Monday, February 27, 2017

Are U.S. Immigration Centers the Next Abu Ghraib?






By THOMAS E. RICKS
By all accounts, Gen. John Kelly was a fine Marine. He served with Gen. James Mattis, now the secretary of defense, and was seen as being in the Mattis mold — a low-key, prudent, rigorous thinker. So it is with surprise that I see Mr. Kelly, in his new role as secretary of Homeland Security, presiding over a ham-handed crackdown on immigrants.
Immigration and Customs Enforcement agents are operating aggressively under President Trump, feeling, as The New York Times reported, “newly emboldened” and “newly empowered.” Officials’ use of detention powers is widening, with some people being held who have no criminal history at all. The government raids often are conducted around dawn, to catch people as they leave for work. The uniformed agents are wearing body armor and carrying semiautomatic weapons. The morning raids and the military appearance may not be new developments, but they are especially worrisome when ICE, a domestic law enforcement agency, is overseen by a former general.
And there definitely seems to be recklessness in the way ICE is operating. In recent days, its agents have taken a woman with a brain tumor out of a hospital, almost deported a distinguished French scholar flying into Houston to deliver a university lecture and scared the daylights out of an Australian children’s author who vowed after the experience never to visit the United States again.
This isn’t being done solely to foreigners. The son of the boxer Muhammad Ali, a citizen, was questioned upon arriving in Florida from Jamaica about his religion, which would seem to be a clear violation of the First Amendment’s guarantee of religious freedom.
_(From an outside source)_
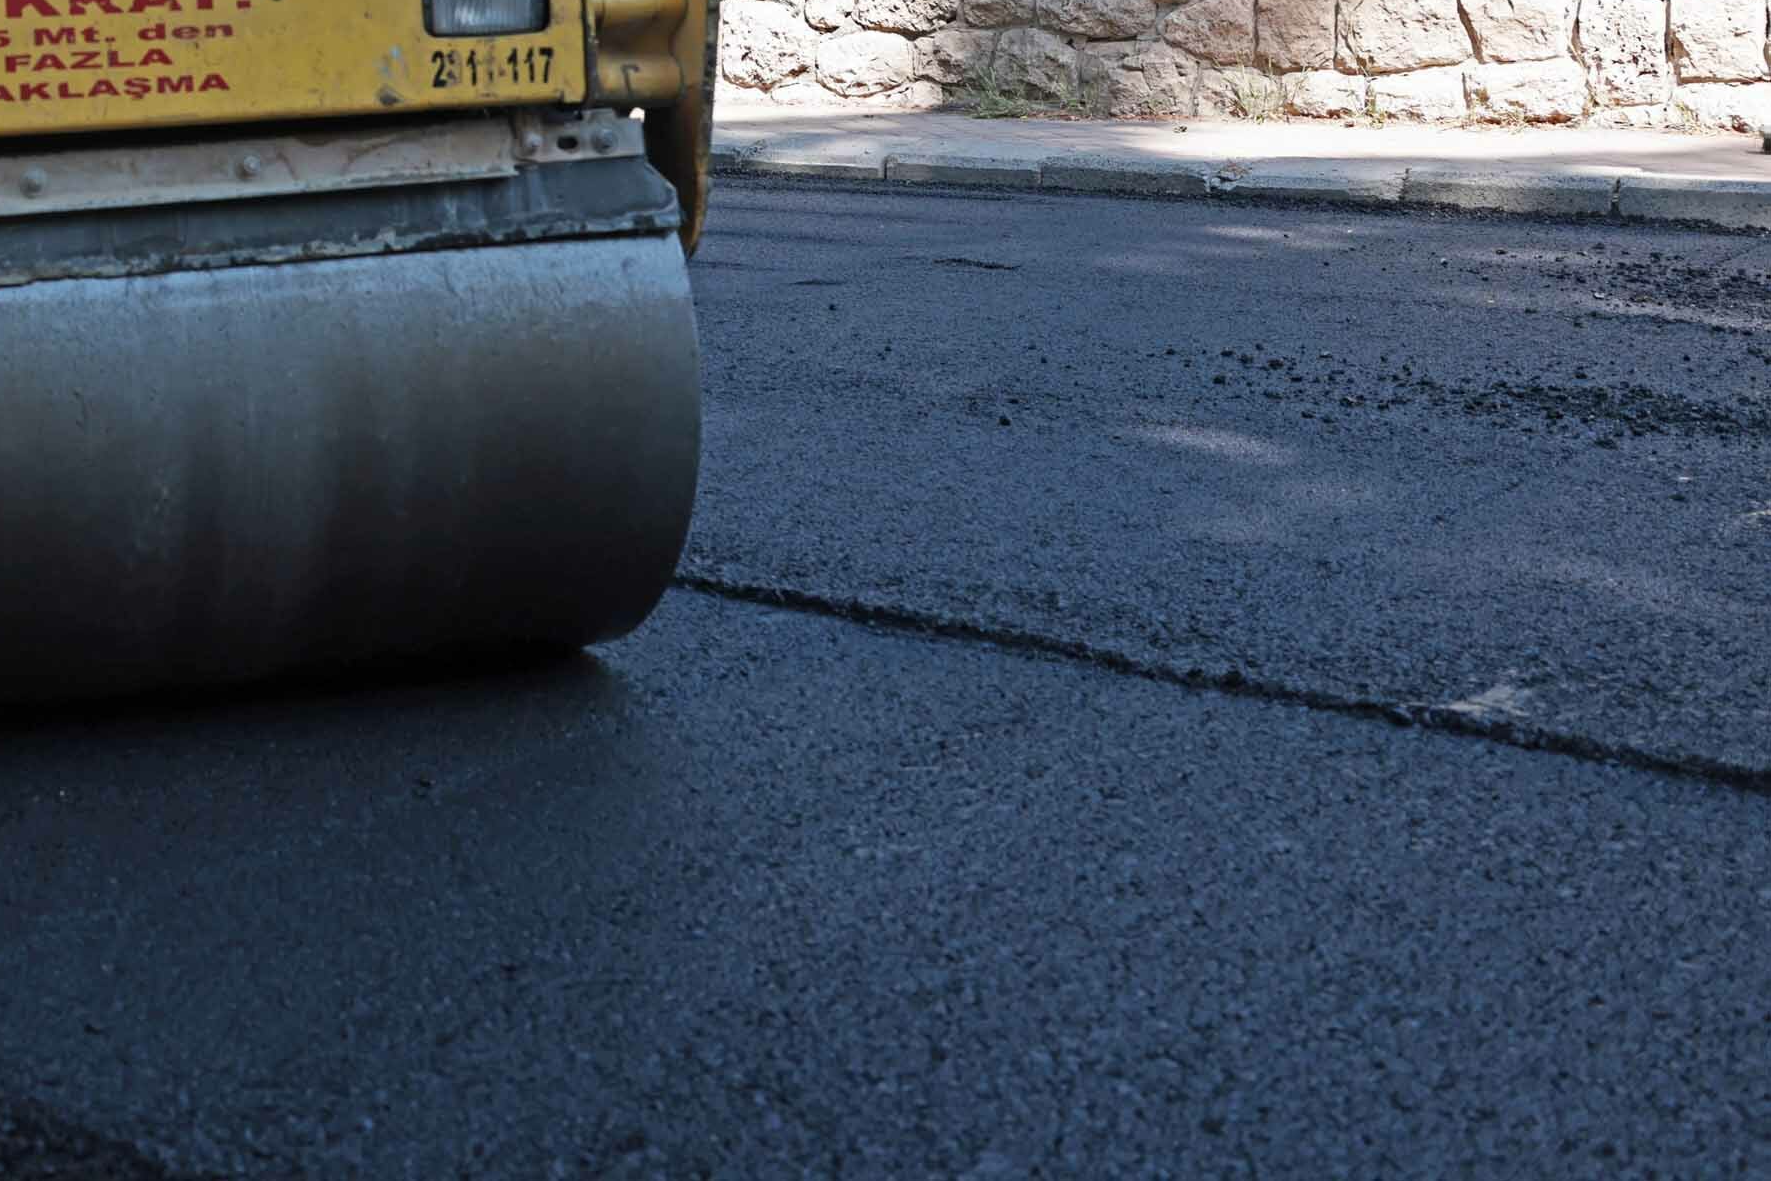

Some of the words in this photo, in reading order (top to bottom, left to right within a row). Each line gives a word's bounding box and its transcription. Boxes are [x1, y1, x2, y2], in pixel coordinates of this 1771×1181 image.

[33, 26, 116, 47] Mt.
[137, 23, 234, 42] den
[4, 48, 173, 73] FAZLA
And passengers on a domestic flight from San Francisco to New York were required to show their identity documents, a violation of the Fourth Amendment and an overreach of ICE’s mission of dealing with entry to the country.
For people who witnessed the American wars in Afghanistan and Iraq, such an aggressive stance is all too familiar. Over the weekend, Brandon Friedman, a former officer in the 101st Airborne Division, questioned on Twitter why Homeland Security officers were operating without constraints. He added, “In the military, it happens to aggressive units with poor leaders.” Erin Simpson, a political scientist who worked on strategic assessments for the United States military in the Afghan war, added in another tweet that the federal agents seem to enjoy “near impunity.”
Most chilling of all was the comment by Sean Spicer, the White House press secretary, last Tuesday that President Trump wants to “take the shackles off” federal agents.
All this reminds me eerily of the words and actions by United States military officers who helped create the conditions that led to the abuses of Iraqi detainees at the notorious Abu Ghraib prison, where a detainee abuse scandal in 2004 undercut the American effort in Iraq. I’m not suggesting that immigrants are being tortured in the horrific way that prisoners at Abu Ghraib were, but I do see parallels in the aggressive stance of ICE agents and the message this carries abroad.
Even the language is similar. On Aug. 14, 2003, as the Iraqi insurgency was mushrooming, an Army officer in the Human Intelligence Effects Coordination Cell at American military headquarters in Iraq sent out a directive saying that “the gloves are coming off regarding these detainees.” In case that wording left any doubts, he added, “We want these individuals broken.”
In response to orders like that, some Army units became far more aggressive. Like the ICE operations, these Army missions often were conducted as night or dawn raids. Those hundreds of roundups wound up swamping the Abu Ghraib prison. Six weeks after the “gloves are coming off” memo, it held some 3,500 Iraqis. Four weeks later, that number had doubled.
When Brig. Gen. Janis Karpinski, the commander of the demoralized Army unit running the prison, complained about the numbers of prisoners arriving, she was dismissively told to “cram some more tents into the compound.” Perversely, this undercut the intention of collecting more precise intelligence, because there weren’t enough interpreters and interrogators on hand to detect the bad actors among the thousands of people being held. A subsequent investigation by the Pentagon found that some prisoners were held for months before being questioned.
What puzzles me is that Secretary Kelly surely knows all this. In his first tour in Iraq, he was General Mattis’s deputy commander. General Mattis was eloquent in his public comments about Abu Ghraib. “When you lose the moral high ground, you lose it all,” he said.
Secretary Kelly would be wise to think back on his years as a Marine, and to keep his honor clean, as the “Marines’ Hymn” admonishes service members. If he doesn’t, the United States may through the actions of his department lose far more than it gains.